Cuando comenzaron a sonar los singles de ‘Spoiler’ (a excepción de Vas a quedarte) todos se regían por un patrón muy comercial. Más encarado a la cantidad que a la calidad. Teléfono, el primer adelanto fue un jarro de agua fría para aquellos que vieron en OT una artista más que a un producto. El disco tenía pistas más que salvables, ya sea por letra o por arreglos, pero globalmente emanaba una artificialidad de la que no se sentía orgullosa ni la catalana.

Una Aitana mucho más cómoda

En cambio ’11 razones’ traza una línea mucho más ascendente y regular. Lo primero, si recupera ese sonido tan de Pignoise, Despistaos o Avril Lavigne es porque ella ha crecido con ello. Y es ahí donde se siente cómoda. El sonido de las baterías o guitarras que suenan en el single homónimo del disco son las que un día ella escuchó en las radios o actuaciones de los 2000. Y desde luego este era el momento idóneo para probarse con ello, ya asentada en el panorama y con un público que esperaba verla más madura. Es un trabajo que se entiende más como una banda de garaje que como una solista.

Además, otro aspecto a destacar es el hecho que el disco siga un hilo conductor.
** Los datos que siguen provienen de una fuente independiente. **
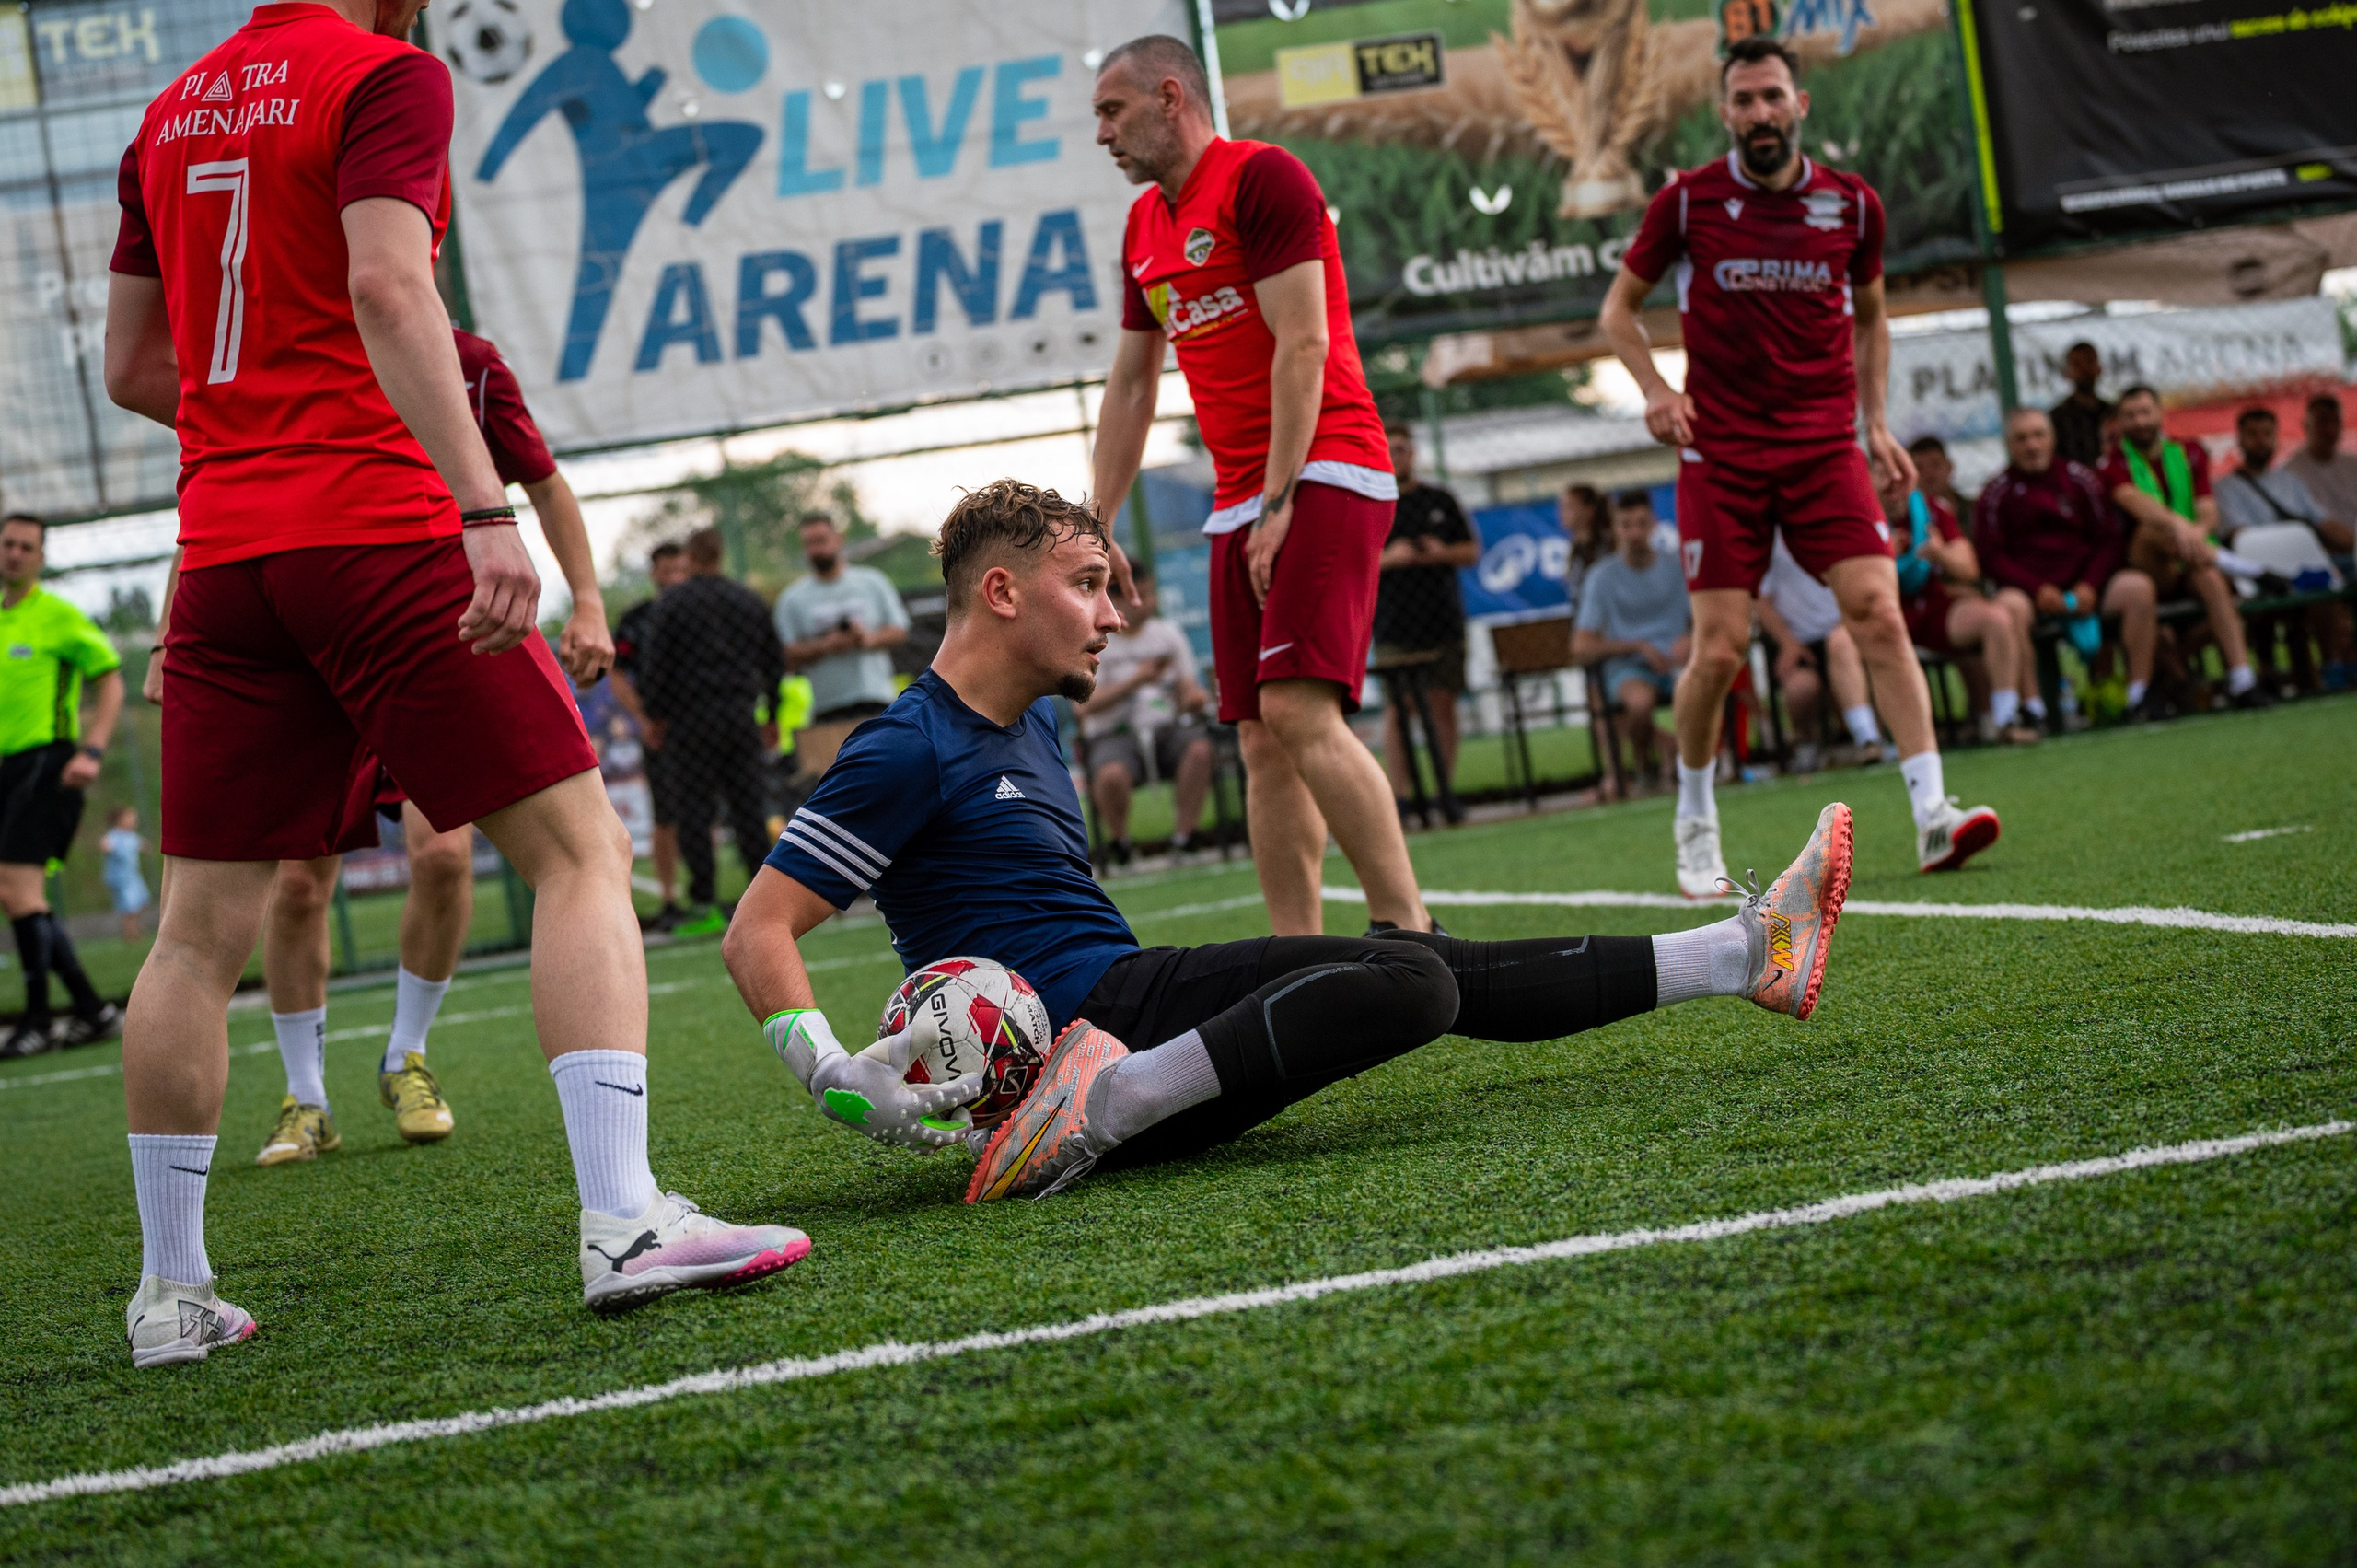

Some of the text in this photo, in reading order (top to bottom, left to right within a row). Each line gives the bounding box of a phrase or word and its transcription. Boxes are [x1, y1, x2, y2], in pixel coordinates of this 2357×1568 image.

[155, 97, 300, 147] AMENAJARI
[779, 54, 1062, 196] LIVE
[186, 157, 250, 385] 7
[634, 208, 1097, 373] ARENA
[1168, 285, 1245, 332] Casa
[1912, 343, 2142, 402] PLAINM
[994, 789, 1026, 800] adidas
[1025, 1004, 1040, 1045] MATCH
Un trabajo que se entiende mejor si lo bebes de golpe. Más cerca de esos sentimientos y esas emociones de los grupos de los 2000 que de las letras más superficiales y centristas del género urbano. No obstante, esto no es una apología de lo que está bien y lo que está mal, pues la música está para convivirla, no para enfrentarla.

Por último, ésta vuelta al pop es un homenaje a ella misma, a lo que ella es, a su esencia verdadera. Según la propia Aitana, como contó a Tony Aguilar en una entrevista, es el disco de su vida (y eso que solo lleva dos). Eso ya dice mucho de lo que representa y de donde quiere situarse. Ella es pop y no necesita más que 11 razones para demostrarlo.